C0DE517E: 07.08

31 July, 2008

GPU versus CPU

Some days ago, a friend of mine at work asked me what was the big difference in the way GPUs and CPUs operate. Even if I went into a fairly deep description of the inner workings of GPUs in some older posts, I want to elaborate specifically on that question.

Let's start with a fundamental concept: latency, that is the time that we have to wait, after submitting an instruction, to have its results computed. If we have only one computational stage, then effectively the reciprocal of the latency is the amount of instruction we can process in an unit time.

So we want them to be small right? Well it turns out, that they were in the last years growing instead! But still our processors seem to run faster than before, why? Because they are good at hiding those latencies!

How? Simple, let's say that instead of having a single computational stage, you have more stages, a pipeline of workers. Then you might move an instruction being processed from one stage to the other (conceptually) like on a conveyor belt, and while you're processing it the other stages can accept more instructions. Any given instruction will have to go through the whole pipeline, but the rate of instruction processing can be much higher than latency, and it's called throughput.

Why we did like those kinds of designs? Well, in the era of the gigahertz wars (that now has largely scaled back), it was an easy way of having higher frequencies. If a single instruction was split in a number of tiny steps, then each of them could be simpler, thus requiring less stuff to be done, thus enabling designers to have higher frequencies, as each small step required less time.

Unfortunately, if something stalls this pipeline, if we can't fetch more instructions to process to keep it always full, then our theorical performance can't be reached, and our code will run slower than on less deeply pipelined architectures.

The causes of those stalls are various, we could have a "branch misprediction", we were thinking some work was needed, but we were wrong, we started processing instructions that are not useful. Or we could not be able to find instructions to process that are not dependant on results of the ones that are currently being processed. The worse example of this latter kind of stall is on memory accesses. Memory is slow, and it's evolving at a slower pace than processors too, so the gap is becoming bigger and bigger (there wasn't any twenty years ago, for example on the Commodore 64, its processors did not need caches too).

If one instruction is a memory fetch, and we can't find any instruction to process after it that does not depend on that memory fetch, we are stalled. Badly. That's why hyper-threading and similar architectures exist. That's why memory does matter, and why cache-friendly code is important.

CPUs become better and better at this job of optimizing their pipelines. Their architectures, and decoding stages (taking instructions and decomposing them in stages, scheduling them in the pipeline and rearranging them, that's called out-of-order instruction execution), are so complicated that's virtually impossible to predict at a cycle level the behaviour of our code. Strangely, transistor numbers did evolve according to Moore's law, but we did not use those transistors to have more raw power, but mostly to have more refined iterations of those pipelines and of the logic that controls them.

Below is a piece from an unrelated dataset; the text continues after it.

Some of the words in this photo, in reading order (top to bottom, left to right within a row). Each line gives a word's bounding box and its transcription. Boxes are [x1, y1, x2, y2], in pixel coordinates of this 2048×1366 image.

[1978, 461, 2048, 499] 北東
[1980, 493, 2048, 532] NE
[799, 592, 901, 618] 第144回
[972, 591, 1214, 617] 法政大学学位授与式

Most people say that GPUs computational power is evolving at a faster pace than Moore's law predicted. That is not true, as that law did not account for frequency improvements (i.e. thinner chip dies), so it's not about computational power at all! The fact that CPUs computational power did respect that law means that we were wasting those extra transistors, in other words, that those transistors did not linearly increase the power.

Why GPUs are different? Well, let me do a little code example. Let's say we want to compute this:

for i=0 to intArray.length do boolArray[i] = (intArray[i] * 10 + 10) > 0

GPUs will actually refactor the computation to be more like the following (plus a lot of unrolling...):

for i=0 to intArray.length do tempArray[i] = intArray[i]
for i=0 to intArray.length do tempArray[i] = tempArray[i] * 10
for i=0 to intArray.length do tempArray[i] = tempArray[i] + 10
for i=0 to intArray.length do boolArray[i] = tempArray[i] > 0

(this example would be much easier in functional pseudocode than in imperative one, but anyway...)

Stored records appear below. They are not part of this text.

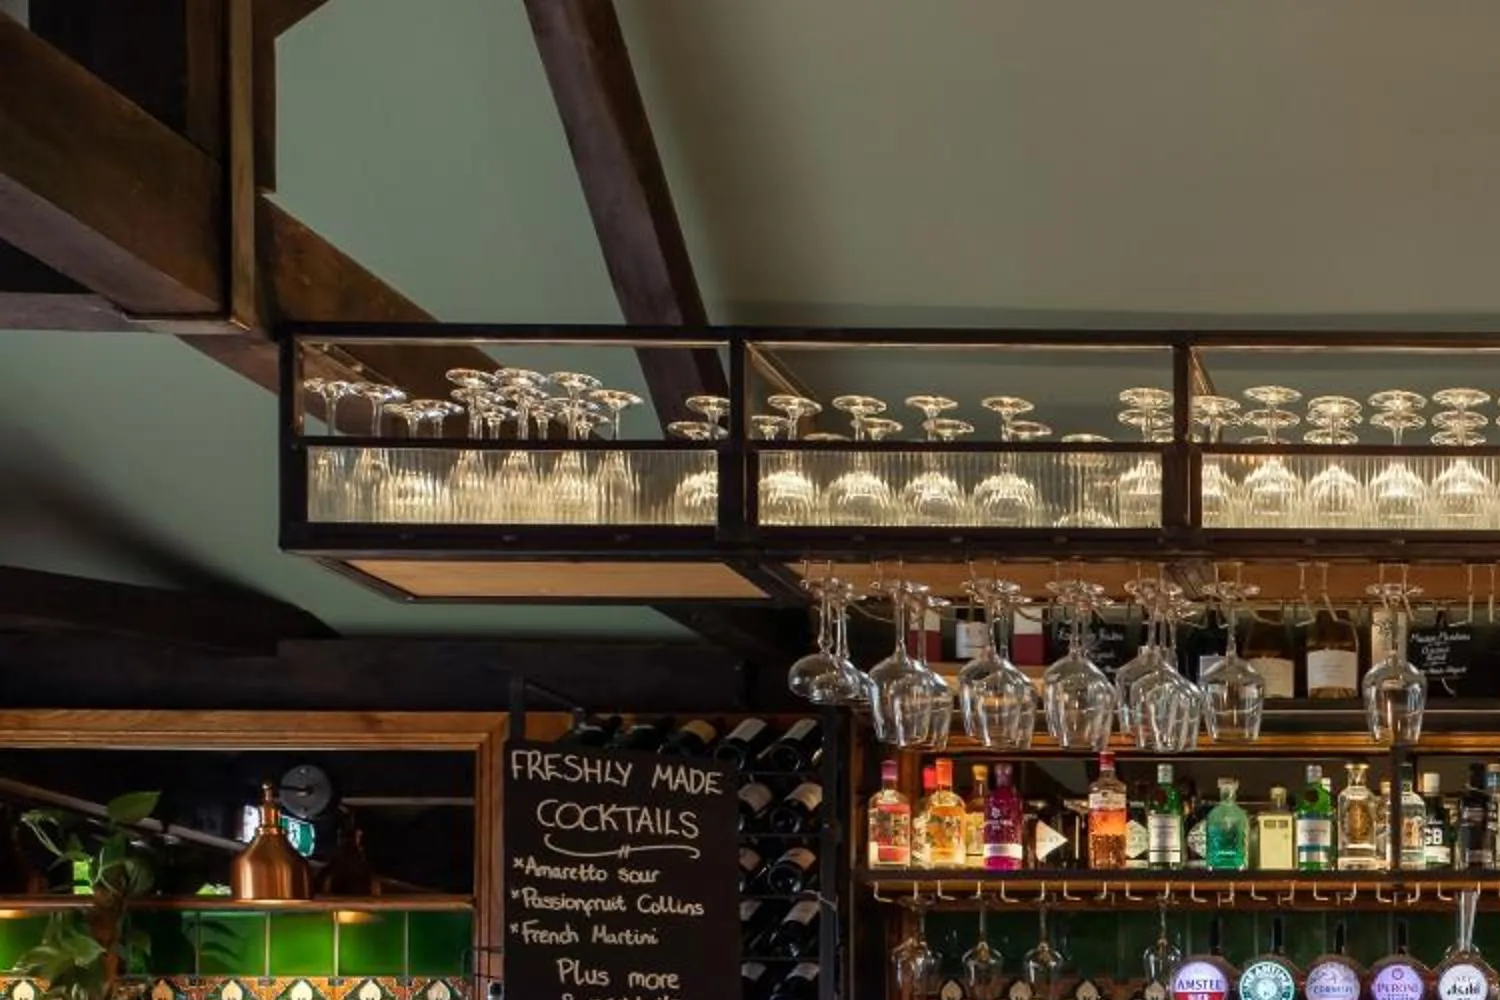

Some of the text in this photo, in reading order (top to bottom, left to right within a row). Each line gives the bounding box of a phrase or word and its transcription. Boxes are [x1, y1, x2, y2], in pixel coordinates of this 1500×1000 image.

[511, 750, 723, 795] FRESHLY MADE
[537, 799, 699, 839] COCKTAILS
[525, 856, 660, 884] Amaretto sour
[521, 887, 704, 917] Passionfruit Collins
[521, 920, 659, 945] French Martini
[556, 957, 680, 989] Plus more
[1177, 979, 1222, 991] AMSTEL
[1376, 982, 1419, 994] PERONI
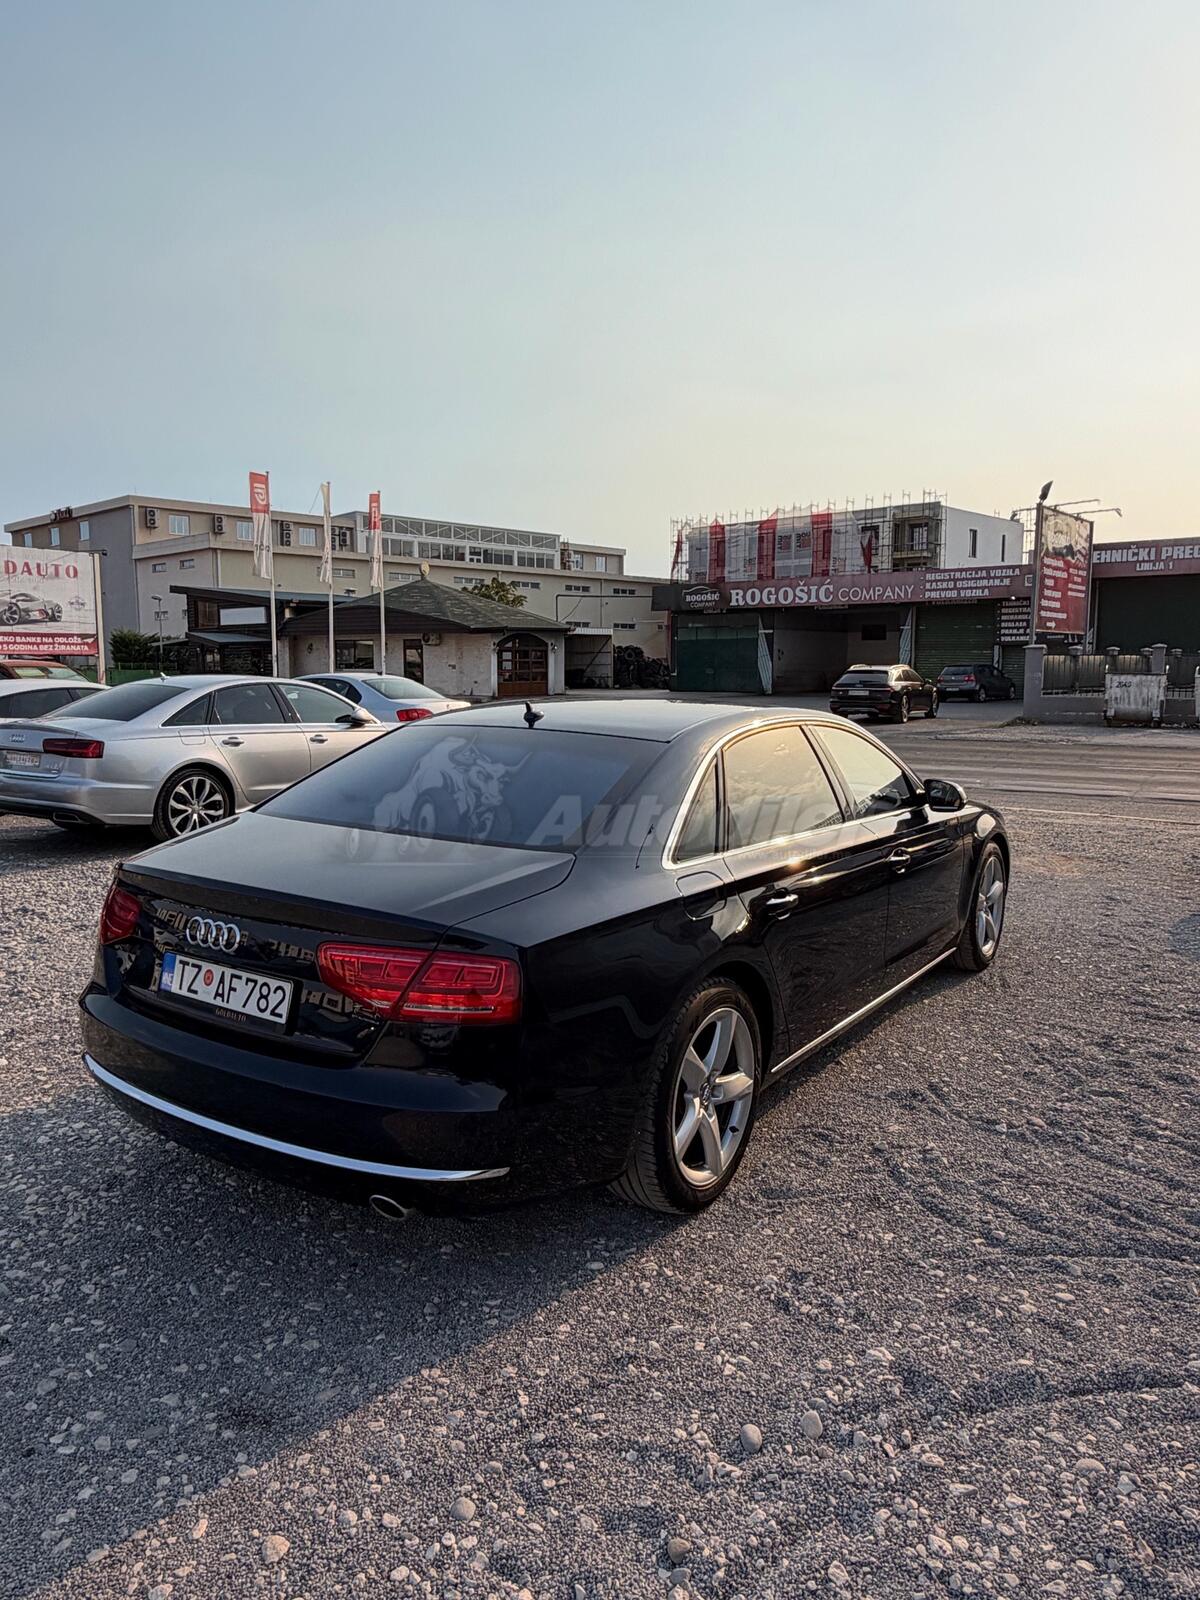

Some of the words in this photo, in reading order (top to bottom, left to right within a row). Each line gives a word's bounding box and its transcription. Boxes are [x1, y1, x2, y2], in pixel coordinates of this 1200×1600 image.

[1092, 545, 1156, 563] EHNIČKI
[1136, 562, 1165, 571] LINIJA
[1168, 561, 1173, 570] 1
[926, 570, 987, 580] REGISTRACIJA
[990, 568, 1020, 577] VOZILA
[925, 581, 954, 589] KASKO
[956, 578, 1011, 588] OSIGURANJE
[685, 592, 720, 602] ROGOŠIĆ
[729, 579, 834, 606] ROGOŠIĆ
[838, 585, 914, 601] COMPANY
[925, 590, 957, 598] PREVOD
[960, 588, 989, 597] VOZILA
[178, 959, 203, 995] TZ
[213, 970, 288, 1019] AF782

Odd! Why are we doing this? Basically, what we want to do is to hide latency in width, instead of in depth! Having to perform the same operation on a huge number of items, we are sure that we always have enough to do to hide latencies, without much effort. And it's quite straightforward to turn transistors in computational power too, we simply will have more width, and more computational units working in parallel on the tempArray! In fact, that kind of operation, a "parallel for", is a very useful primitive to have in your multithreading library... :)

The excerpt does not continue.